Each boat can decide where to fish and what to target.
6 fishermen are reserved already and I am looking for 6 other fishermen to join the trip.


----------



## ksong

*pictures from April trip in 2009*























































-------------------

www.jignpop.com


----------



## Hotrod

Wow, what a trip. Great price too. Wish I could take off for a week. I was born there when my Dad was stationed there. Left when I was 1 yr old. He has told me many stories about all the fish he caught down there in the canal. Since his passing in October makes me want to get down there even more. Hard to leave for a week when I have kids here. One day soon!


----------



## GSMAN

Sounds like a great trip. John runs one heck of an operation down there. Captain Macho is one of the best captains around.


----------



## ksong

I was so thrilled fishing Hannibal Bank/Montausa in Panama, I fished 4 times within a year in 2009. It is a must destination for any offshore fishermen.
Marlin fishing was not great strangely this year, but it is not uncommon to have one or two marline on every trip. 
I heard marlin came back now.


----------



## Sunbeam

Always wanted to go to Panama. Want to see the canal in operation, tour the country and especially try the fishing. I thought that 2010 wound be the year since my very good friend and neighbor moved there in March.
But then he was murdered in a home invasion robbery on April 3rd. Sort of soured the place for me.
But that being said, I wish you the best of trips. It is the best fishing grounds within range of most of us.


----------



## ksong

Three signed up for the trip. A few guys showed interest and they want to check a few things befor committing. 
Three to go.

1.Billiam
2.Fishordie
3.Gtrpunk
4.
5.
6.


----------



## ksong

One more fisherman join the trip. Now we have two spots left.
1.Billiam 
2.Fishordie 
3.Gtrpunk 
4.jjb4
5.
6.


----------



## captdc

*captdc*

Am I reading this right that air fare from Usa is not included, might be interested, will be going again in May and I could get some practice in before going head to heqad with Masonboro.


----------



## captdc

*captdc*

Wedding is april16th, we'll see.


----------



## captdc

*captdc*

Kil, I sent you a pm about the trip,Tuna Loce and I wat to take the last two spots, call me or tunaloco


----------



## captdc

Put me and Tuna loco down we will be staying down there for three weeks fishing,e-maqil or call me.


----------



## ksong

Captdc,
glad you and your friend can join the trip.
Three week fishing in Hannival Bank/Montausa is going to be life time experience.

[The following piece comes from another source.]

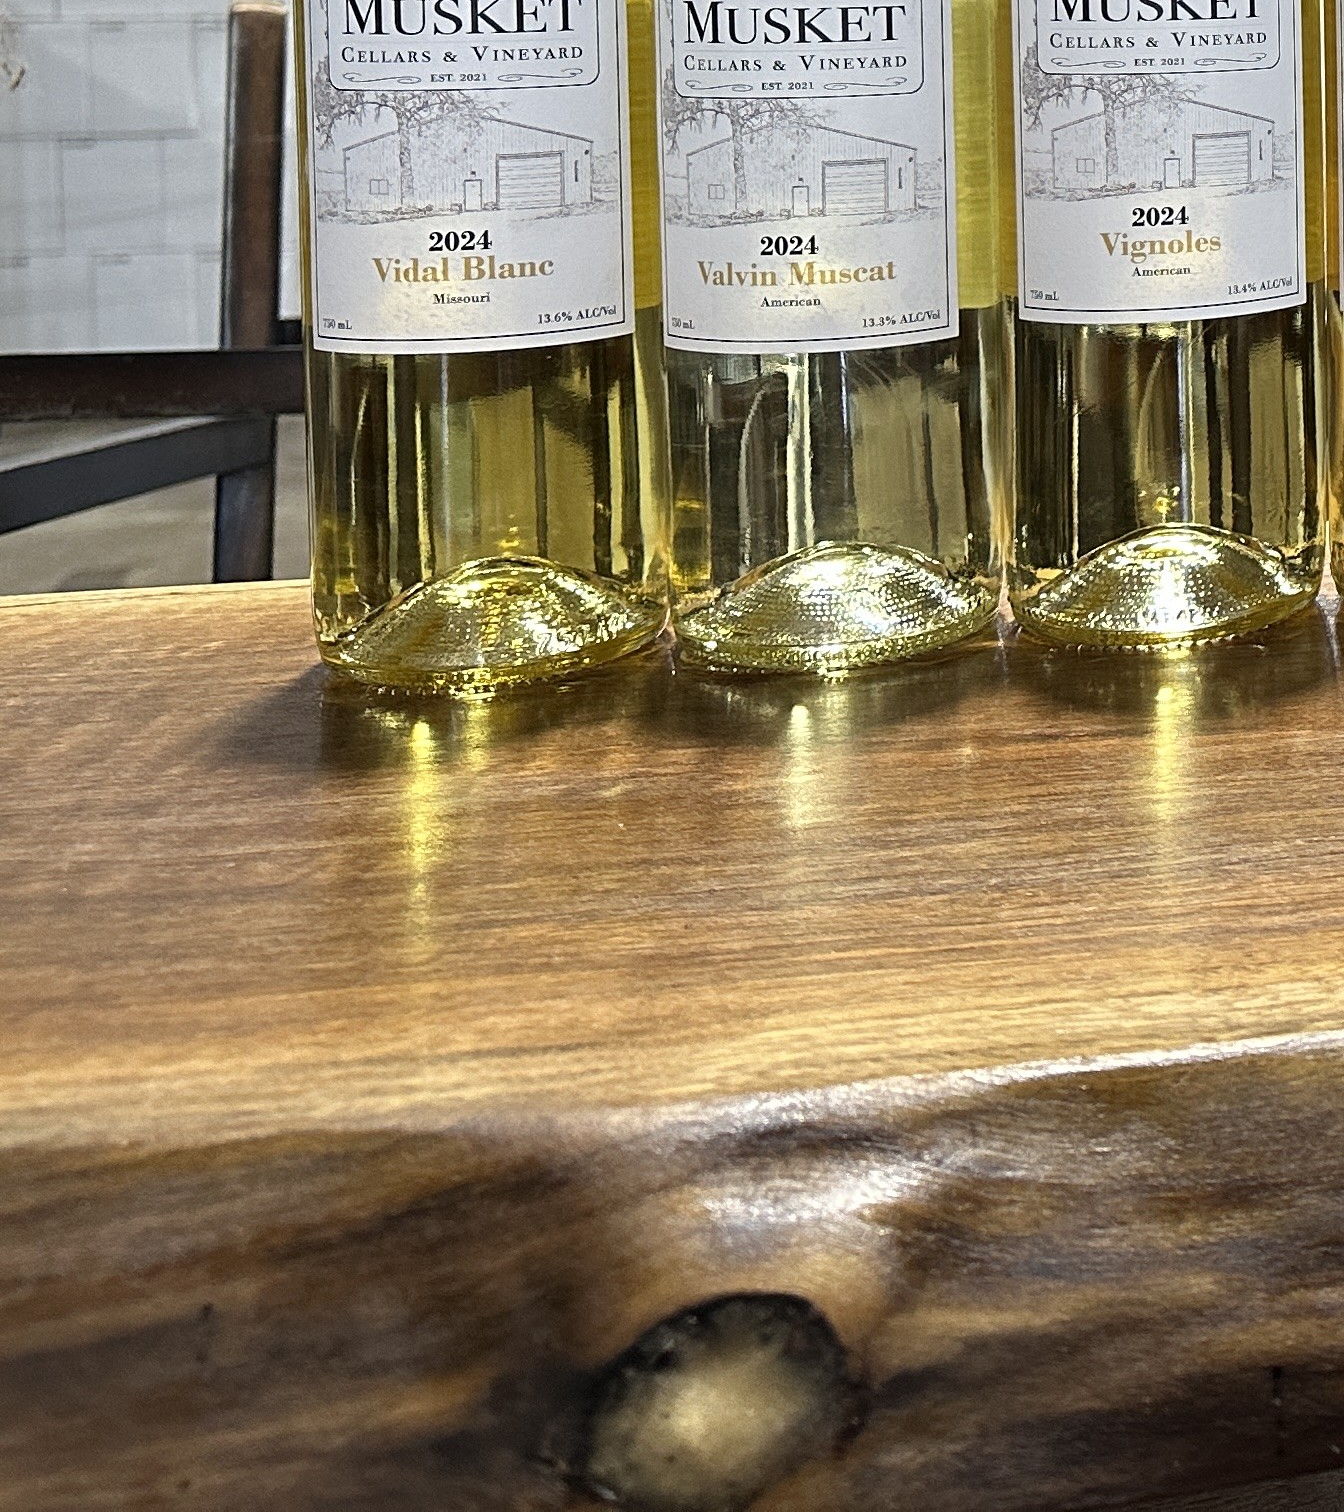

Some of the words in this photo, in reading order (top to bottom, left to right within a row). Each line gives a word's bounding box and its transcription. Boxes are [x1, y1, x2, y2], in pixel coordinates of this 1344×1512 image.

It is good news Marlin came back and nice tuna already show up there.

The trip is full. However I continue to take listing as there is always a chance someone on the list can not make it for various reasons.

We are going to talk about tackle soon.

1.Billiam 
2.Fishordie 
3.Gtrpunk 
4.jjb4
5.Captdc
6.Captdc plus one


----------



## ksong

We have one more fisherman today.
So the total becomes 7 fishermen.

1.Billiam 
2.Fishordie 
3.Gtrpunk 
4.jjb4 
5.Captdc 
6.Captdc plus one 

7.badfish1


----------



## ksong

One more fisherman wants to join the trip.

1.Billiam 
2.Fishordie 
3.Gtrpunk 
4.jjb4 
5.Captdc 
6.Captdc plus one 

7.badfish1 
8.ParkNJ


----------



## ksong

$1,000 deposit by Jan 15

$1,000 or full payment $1,400 by March 15

PSFL collects money directly and I'll give the address for the payment.

I agreed with John of PSFL he would provide a hotel at Panama City and transportation from the airport to the hotel for $100 each person based on double occupancy, in case you arrive at Panama City on April 22.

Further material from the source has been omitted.